ACTION ITEM: Your task is to give the records again exactly. Leave each picture out.

DATA SHOWN:
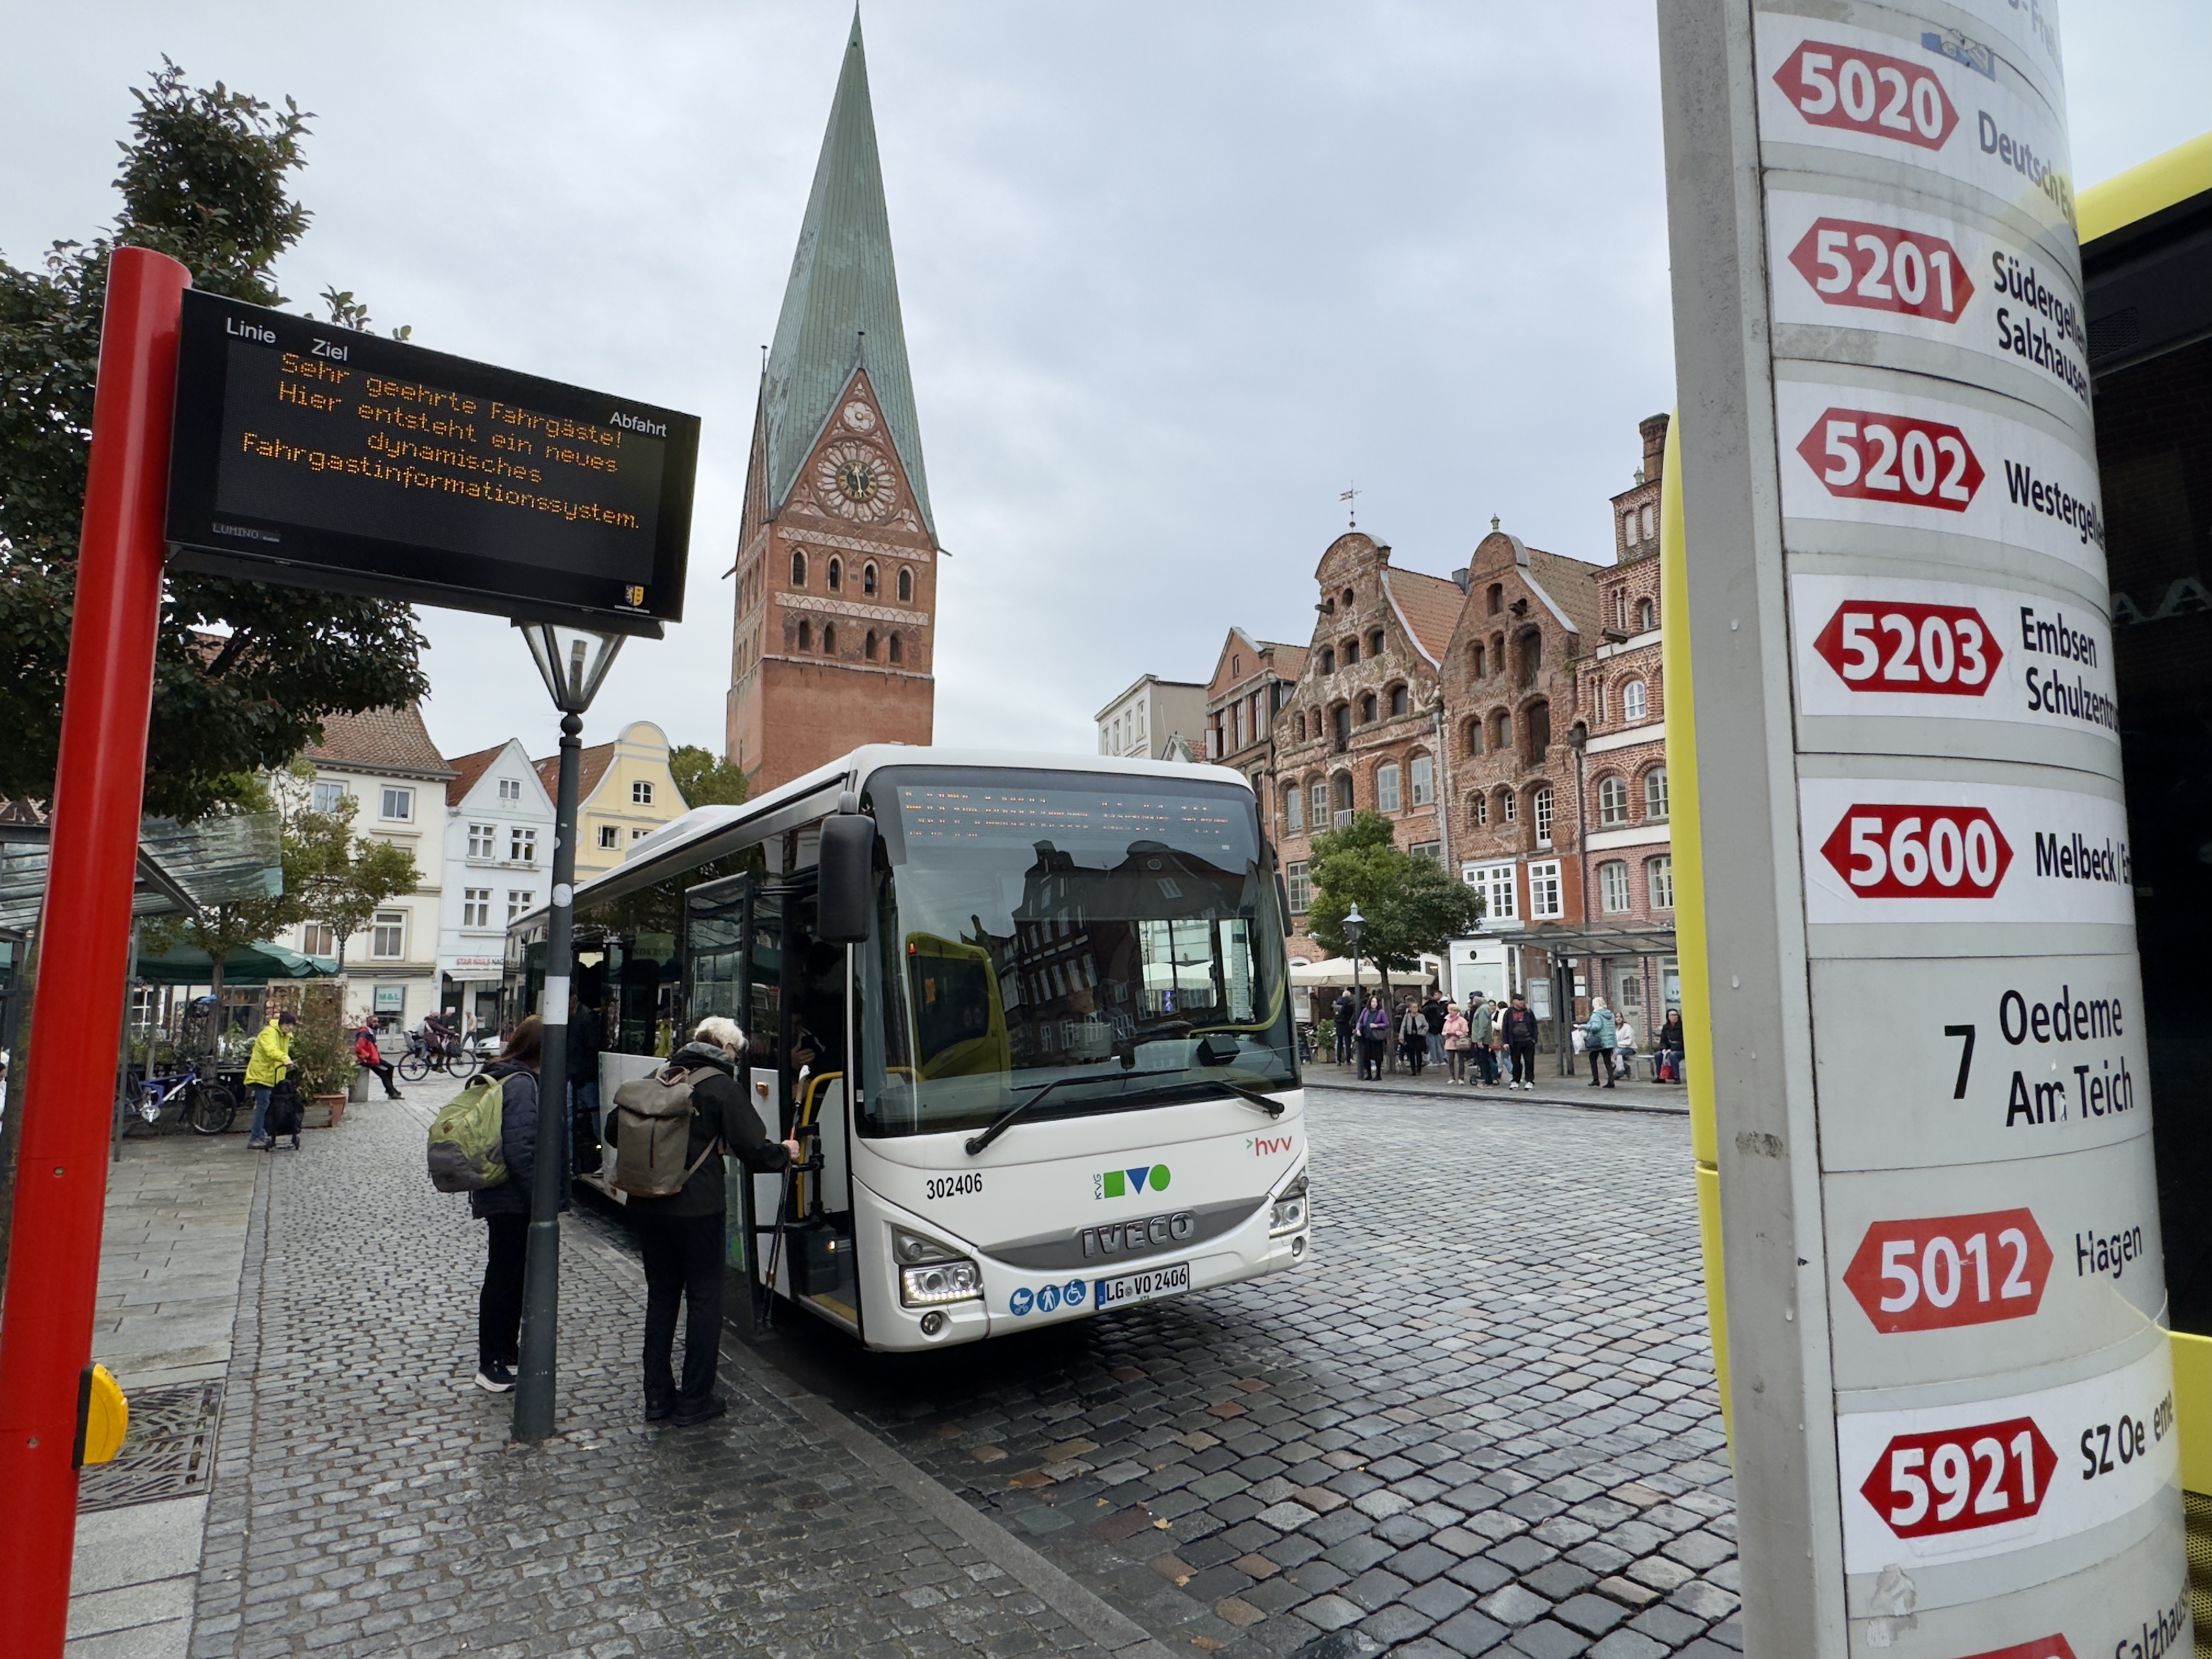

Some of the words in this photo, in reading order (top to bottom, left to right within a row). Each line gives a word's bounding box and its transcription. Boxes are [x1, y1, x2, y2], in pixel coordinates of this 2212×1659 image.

[1801, 52, 1943, 140] 5020
[1978, 110, 2059, 206] Deutsch
[1815, 228, 1954, 313] 5201
[226, 317, 276, 343] Linie
[311, 338, 348, 362] Ziel
[278, 381, 342, 411] Hier
[358, 404, 477, 443] entsteht
[492, 433, 532, 455] ein
[545, 444, 618, 473] neues
[281, 352, 351, 383] Sehr
[365, 377, 477, 415] geehrte
[490, 401, 622, 448] Fahrgäste!
[609, 411, 667, 437] Abfahrt
[242, 431, 640, 529] Fahrgastinformationssystem.
[366, 431, 543, 483] dynamisches
[1824, 419, 1970, 501] 5202
[1843, 613, 1987, 685] 5203
[2021, 606, 2097, 669] Embsen
[1850, 817, 1997, 887] 5600
[2035, 832, 2117, 883] Melbeck
[2000, 985, 2123, 1046] Oedeme
[1944, 1024, 1976, 1099] 7
[2006, 1070, 2068, 1127] Am
[2073, 1056, 2134, 1119] Teich
[1255, 1136, 1293, 1156] hvv
[927, 1173, 983, 1200] 302406
[1093, 1173, 1103, 1200] KVG
[1082, 1212, 1195, 1259] IVECO
[1880, 1228, 2032, 1312] 5012
[2075, 1225, 2143, 1279] Hagen
[1106, 1280, 1125, 1301] LG
[1135, 1275, 1151, 1295] VO
[1154, 1267, 1187, 1291] 2406
[1891, 1431, 2035, 1526] 5921
[2080, 1423, 2115, 1481] SZ
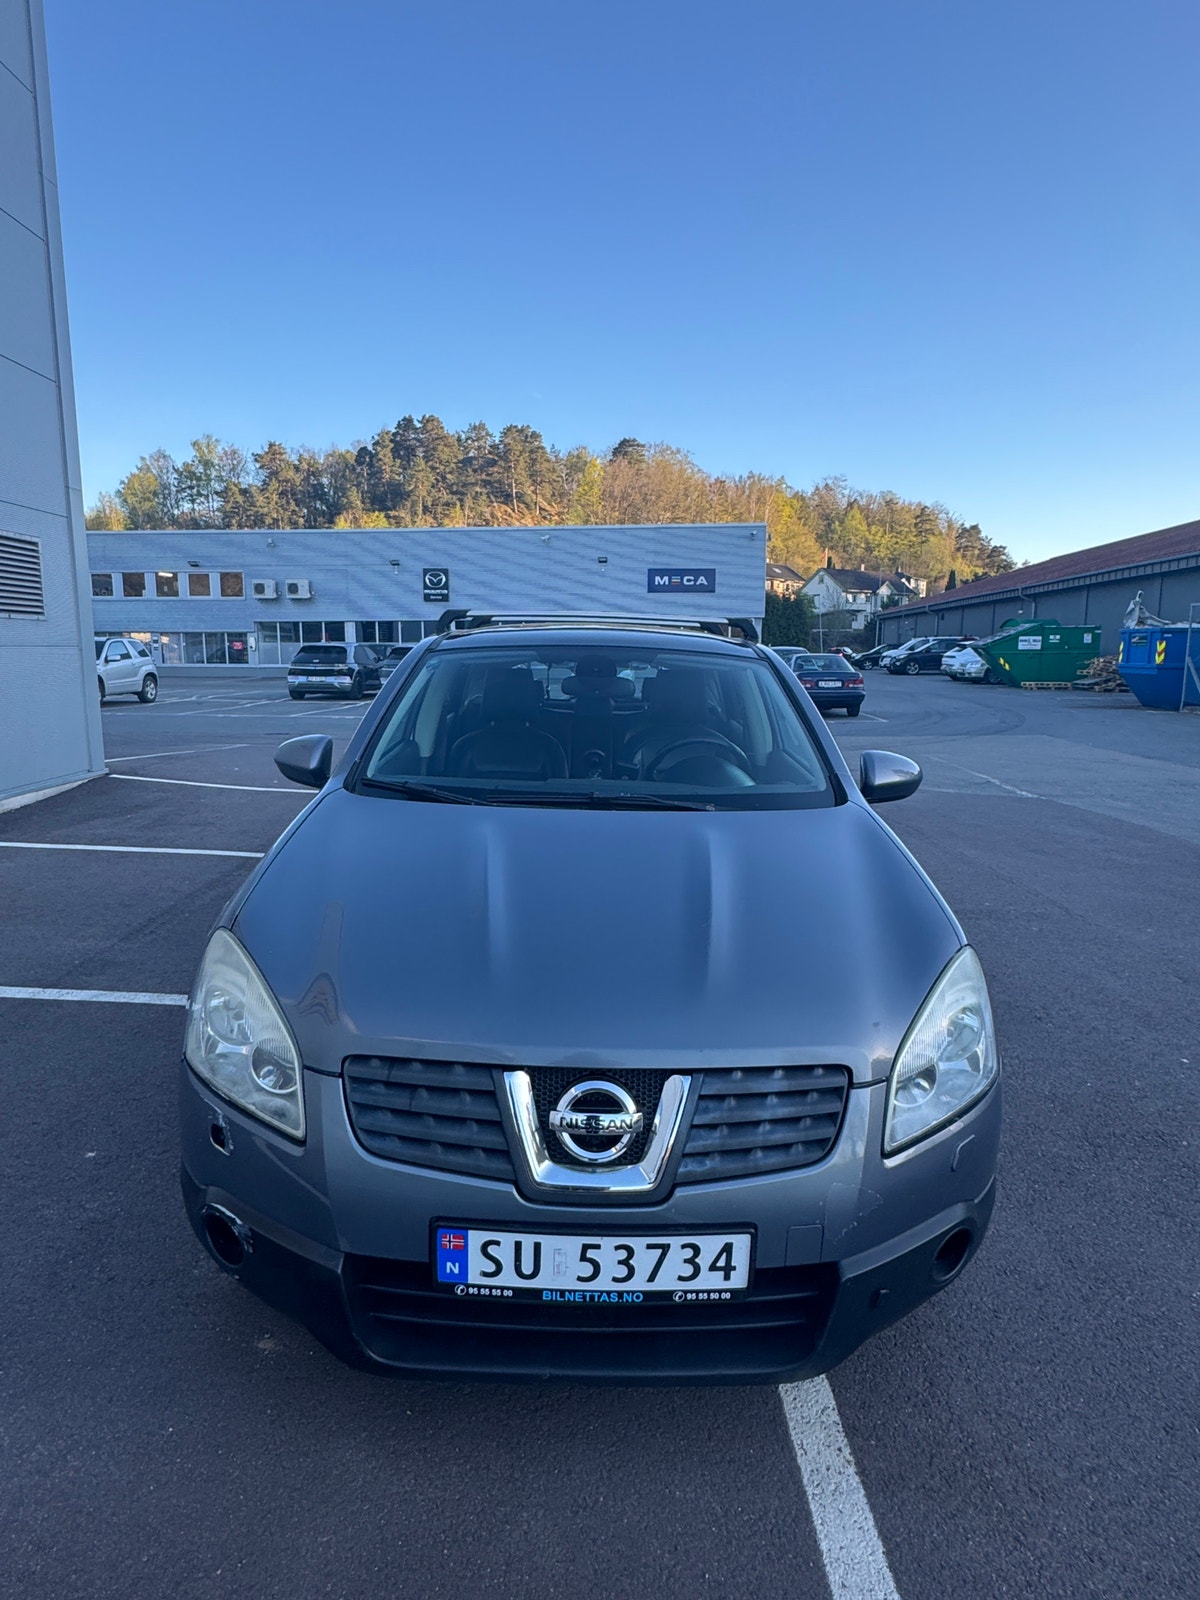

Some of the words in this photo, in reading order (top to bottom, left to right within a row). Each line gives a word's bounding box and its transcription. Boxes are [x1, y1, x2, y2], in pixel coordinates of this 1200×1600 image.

EXERCISE RESPONSE:
Some of the words in this photo, in reading order (top to bottom, left to right within a row). Each line gives a word's bounding box and its transcription. Boxes are [x1, y1, x2, y2], in pixel coordinates of this 2212×1659 image.

[1801, 52, 1943, 140] 5020
[1978, 110, 2059, 206] Deutsch
[1815, 228, 1954, 313] 5201
[226, 317, 276, 343] Linie
[311, 338, 348, 362] Ziel
[278, 381, 342, 411] Hier
[358, 404, 477, 443] entsteht
[492, 433, 532, 455] ein
[545, 444, 618, 473] neues
[281, 352, 351, 383] Sehr
[365, 377, 477, 415] geehrte
[490, 401, 622, 448] Fahrgäste!
[609, 411, 667, 437] Abfahrt
[242, 431, 640, 529] Fahrgastinformationssystem.
[366, 431, 543, 483] dynamisches
[1824, 419, 1970, 501] 5202
[1843, 613, 1987, 685] 5203
[2021, 606, 2097, 669] Embsen
[1850, 817, 1997, 887] 5600
[2035, 832, 2117, 883] Melbeck
[2000, 985, 2123, 1046] Oedeme
[1944, 1024, 1976, 1099] 7
[2006, 1070, 2068, 1127] Am
[2073, 1056, 2134, 1119] Teich
[1255, 1136, 1293, 1156] hvv
[927, 1173, 983, 1200] 302406
[1093, 1173, 1103, 1200] KVG
[1082, 1212, 1195, 1259] IVECO
[1880, 1228, 2032, 1312] 5012
[2075, 1225, 2143, 1279] Hagen
[1106, 1280, 1125, 1301] LG
[1135, 1275, 1151, 1295] VO
[1154, 1267, 1187, 1291] 2406
[1891, 1431, 2035, 1526] 5921
[2080, 1423, 2115, 1481] SZ

Some of the words in this photo, in reading order (top to bottom, left to right within a row). Each line gives a word's bounding box and its transcription. Boxes are [x1, y1, x2, y2], in pixel coordinates of this 1200×1600 image.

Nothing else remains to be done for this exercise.